When the Best Becomes the Worst
By Ray Adams
When Poor Frank played this hand at 6♠, West led a trump. Declarer won dummy’s ace and decided to set up diamonds because it appeared to be the stronger of the two long side suits.
Poor Frank cashed the ♦K, then led a trump to his king. When he subsequently played the ♦A, West threw a heart and Poor Frank was in shock. He managed to salvage the hand by leading his sole club to the ace and ruffing a club. He crossed to a high heart and ruffed another club, noticing that, although this suit did not split evenly, it did at least break 4-2. He went to the ♥K and led one more club, tossing a diamond. West won the king and had to lead a heart, ruffed by dummy’s jack. The ♠Q drew the last trump and dummy was now high. It was +1430 for Poor Frank, not a bad result at all.
Poor Frank was undoubtedly preparing his victory speech when Lucky Archie bid and played the hand. Archie’s partner, undoubtedly looking for a top board, bid the hand up to 7♠. Declarer received the same trump lead as his rival, but Lucky Archie won in hand and decided to set up dummy’s club suit.

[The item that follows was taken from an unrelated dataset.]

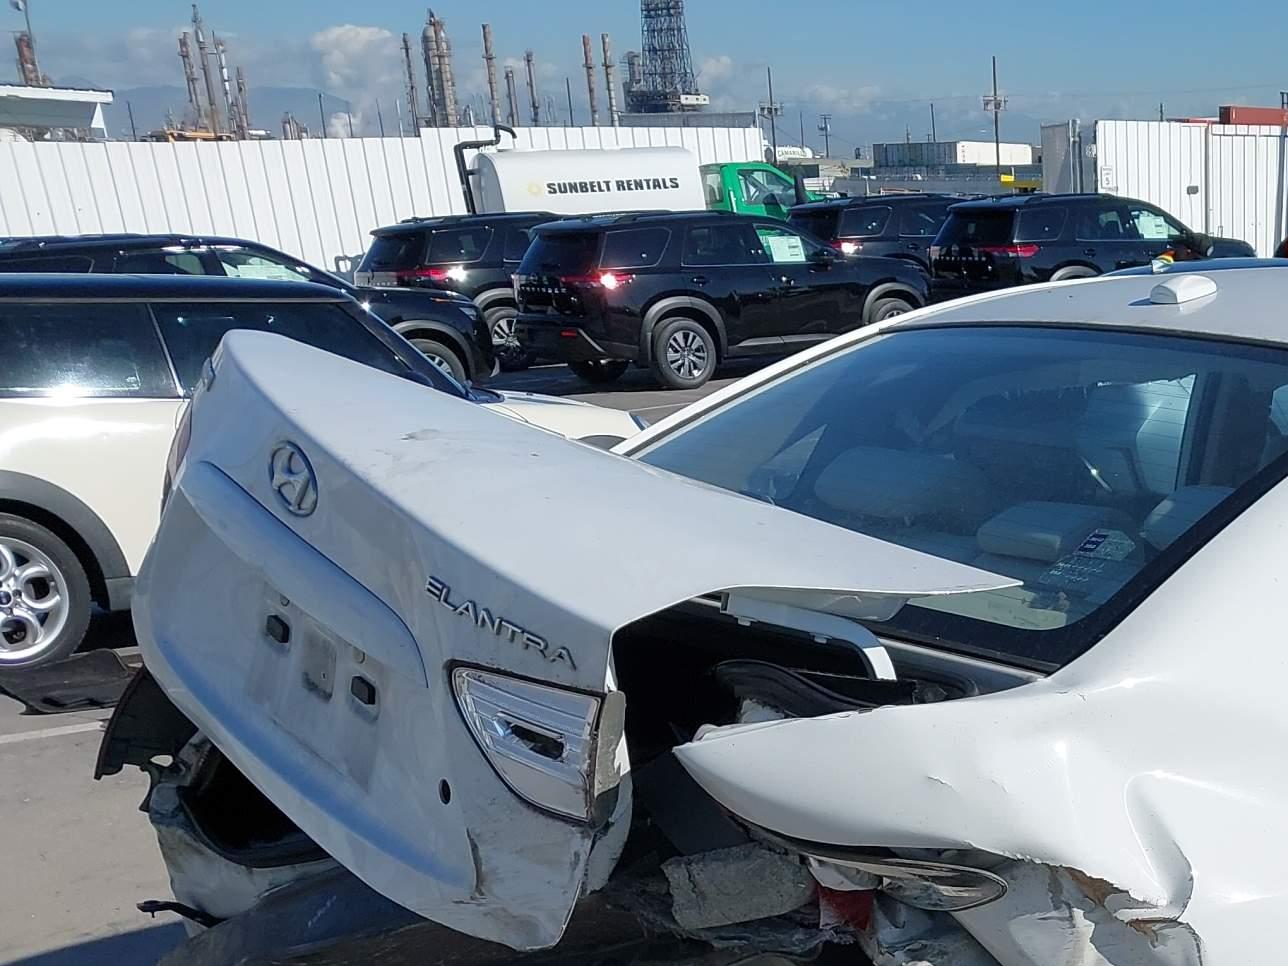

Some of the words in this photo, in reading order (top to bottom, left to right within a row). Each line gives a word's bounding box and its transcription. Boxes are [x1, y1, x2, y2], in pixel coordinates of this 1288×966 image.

[546, 180, 612, 195] SUNBELT
[616, 177, 680, 192] RENTALS
[425, 576, 577, 672] ELANTRA

The ♣Q went to the ace and a club was ruffed small. A heart to the king allowed declarer to ruff another club high. He then crossed to the ♥A and ruffed a club with his last trump.
A diamond went to dummy’s king and Lucky Archie drew the outstanding trumps. Dummy was now high and Lucky Archie had earned a super +2210 score. And he had not even cashed his ace of diamonds!
As the players filed out of the studio, most of them were congratulating Lucky Archie, that night’s winner. Poor Frank, on the other hand could be heard talking to himself: “I chose the best suit and he took the worst suit. But the best became the worst, and worst of all, he got the best of me.”